(Exercise instructions) The data below is to be returned in full and exactly.

[Excerpts from a dataset]
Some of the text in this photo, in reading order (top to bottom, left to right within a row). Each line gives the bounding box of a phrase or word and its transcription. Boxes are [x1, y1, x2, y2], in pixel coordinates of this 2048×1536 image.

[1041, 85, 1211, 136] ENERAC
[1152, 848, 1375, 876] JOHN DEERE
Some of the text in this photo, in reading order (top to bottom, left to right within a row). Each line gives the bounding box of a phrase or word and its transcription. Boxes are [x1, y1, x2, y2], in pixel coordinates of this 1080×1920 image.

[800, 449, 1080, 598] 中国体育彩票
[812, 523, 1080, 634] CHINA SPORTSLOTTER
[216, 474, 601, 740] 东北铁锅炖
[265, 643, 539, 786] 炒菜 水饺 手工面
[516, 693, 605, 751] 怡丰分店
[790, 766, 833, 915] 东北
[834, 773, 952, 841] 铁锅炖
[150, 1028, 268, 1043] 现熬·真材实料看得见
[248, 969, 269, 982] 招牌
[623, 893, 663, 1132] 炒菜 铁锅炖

(Result of this exercise)
Some of the text in this photo, in reading order (top to bottom, left to right within a row). Each line gives the bounding box of a phrase or word and its transcription. Boxes are [x1, y1, x2, y2], in pixel coordinates of this 2048×1536 image.

[1041, 85, 1211, 136] ENERAC
[1152, 848, 1375, 876] JOHN DEERE
Some of the text in this photo, in reading order (top to bottom, left to right within a row). Each line gives the bounding box of a phrase or word and its transcription. Boxes are [x1, y1, x2, y2], in pixel coordinates of this 1080×1920 image.

[800, 449, 1080, 598] 中国体育彩票
[812, 523, 1080, 634] CHINA SPORTSLOTTER
[216, 474, 601, 740] 东北铁锅炖
[265, 643, 539, 786] 炒菜 水饺 手工面
[516, 693, 605, 751] 怡丰分店
[790, 766, 833, 915] 东北
[834, 773, 952, 841] 铁锅炖
[150, 1028, 268, 1043] 现熬·真材实料看得见
[248, 969, 269, 982] 招牌
[623, 893, 663, 1132] 炒菜 铁锅炖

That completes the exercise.